Tuesday, Jan. 10, 2017, marked the first day of Attorney General nominee Jeff Sessions’ confirmation hearing. Civil rights leaders provided immediate reaction and discussed his deplorable civil and human rights record.
The Leadership Conference’s president, Wade Henderson, submitted a statement for the record regarding Jeff Sessions’ “decades-long record of racial insensitivity, bias against immigrants, disregard for the rule of law, and hostility to the protection of civil rights” which Henderson argued, “makes him unfit for this position.”
Henderson also stated, “The first day of Senator Sessions’ confirmation hearing proved that the rushed nature of the confirmation process places senatorial collegiality over the advice and consent responsibilities that are the Senate’s constitutional duty. The American people deserve a thorough vetting of Sessions’ 40 years of public service, including a full exploration of the views that led the Senate to reject Sessions’ nomination for a federal judgeship in 1986 as well as the troubling voting record and views that have been on display during Sessions’ tenure in the Senate. We are confident that a more full and public airing of Senator Sessions’ views and beliefs will prove that he is unfit to serve as attorney general.”

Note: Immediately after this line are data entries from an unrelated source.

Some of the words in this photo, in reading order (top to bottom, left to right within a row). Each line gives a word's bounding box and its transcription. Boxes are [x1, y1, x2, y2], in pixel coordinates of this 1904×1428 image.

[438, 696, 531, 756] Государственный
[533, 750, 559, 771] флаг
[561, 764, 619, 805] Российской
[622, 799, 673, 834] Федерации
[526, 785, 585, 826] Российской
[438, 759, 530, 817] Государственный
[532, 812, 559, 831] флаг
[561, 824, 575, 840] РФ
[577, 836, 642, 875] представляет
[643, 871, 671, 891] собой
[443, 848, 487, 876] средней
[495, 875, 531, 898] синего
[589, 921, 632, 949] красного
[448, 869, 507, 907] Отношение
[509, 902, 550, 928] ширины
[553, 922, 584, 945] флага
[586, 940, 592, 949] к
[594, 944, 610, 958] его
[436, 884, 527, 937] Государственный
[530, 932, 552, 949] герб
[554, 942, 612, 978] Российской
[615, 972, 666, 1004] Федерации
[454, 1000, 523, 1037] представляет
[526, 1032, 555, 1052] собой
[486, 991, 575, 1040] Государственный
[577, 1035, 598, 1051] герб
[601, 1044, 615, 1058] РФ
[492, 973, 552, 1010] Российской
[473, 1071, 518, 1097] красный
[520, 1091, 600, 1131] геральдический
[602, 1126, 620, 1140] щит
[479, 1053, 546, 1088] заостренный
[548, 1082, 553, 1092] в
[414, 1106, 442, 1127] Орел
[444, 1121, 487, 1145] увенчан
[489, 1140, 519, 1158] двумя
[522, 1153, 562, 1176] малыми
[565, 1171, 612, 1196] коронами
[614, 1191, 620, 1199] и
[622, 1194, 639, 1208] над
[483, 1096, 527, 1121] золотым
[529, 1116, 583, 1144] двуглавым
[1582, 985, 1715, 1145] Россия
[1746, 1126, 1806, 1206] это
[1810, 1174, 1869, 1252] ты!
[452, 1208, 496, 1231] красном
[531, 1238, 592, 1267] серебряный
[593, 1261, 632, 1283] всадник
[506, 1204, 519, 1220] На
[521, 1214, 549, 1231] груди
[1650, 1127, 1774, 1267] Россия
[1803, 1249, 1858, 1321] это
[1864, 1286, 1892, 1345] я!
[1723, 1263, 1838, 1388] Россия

Sessions’ initial Senate Judiciary Questionnaire had hundreds of concerning omissions. Despite a supplement of new entries submitted weeks later, a second report demonstrated that his application is still astonishingly incomplete.
Sherrilyn Ifill, president and director-counsel of NAACP Legal Defense and Educational Fund, Inc., said, “As the first day of confirmation hearings come to a close, it is more evident than ever that Senator Sessions is attempting to rewrite history. Indeed, today he sat in front of the Senate Judiciary Committee and attempted to claim that his abuse of prosecutorial discretion in targeting voting rights advocates was somehow the act of a champion of voting rights. If he is the civil rights advocate he is trying to portray himself as, he has certainly kept it well-hidden during his 40 years in public life. In fact, throughout his entire career he has stood opposed to the principles of equality that the Office of Attorney General is charged with defending and upholding.”
The leaders addressed issues that won’t be covered in the hearings regarding Sessions’ 30-year record of racial insensitivity, bias against immigrants, disregard for the rule of law, and hostility towards the protection of civil rights.
Bernard Simelton, president of Alabama State Conference of the NAACP, said, “Despite 30 years of our nation moving forward on inclusion and against hate, Jeff Sessions has failed to change his ways. He’s been a threat to desegregation and the Voting Rights Act and remains a threat to all of our civil rights, including the right to live without the fear of police brutality.”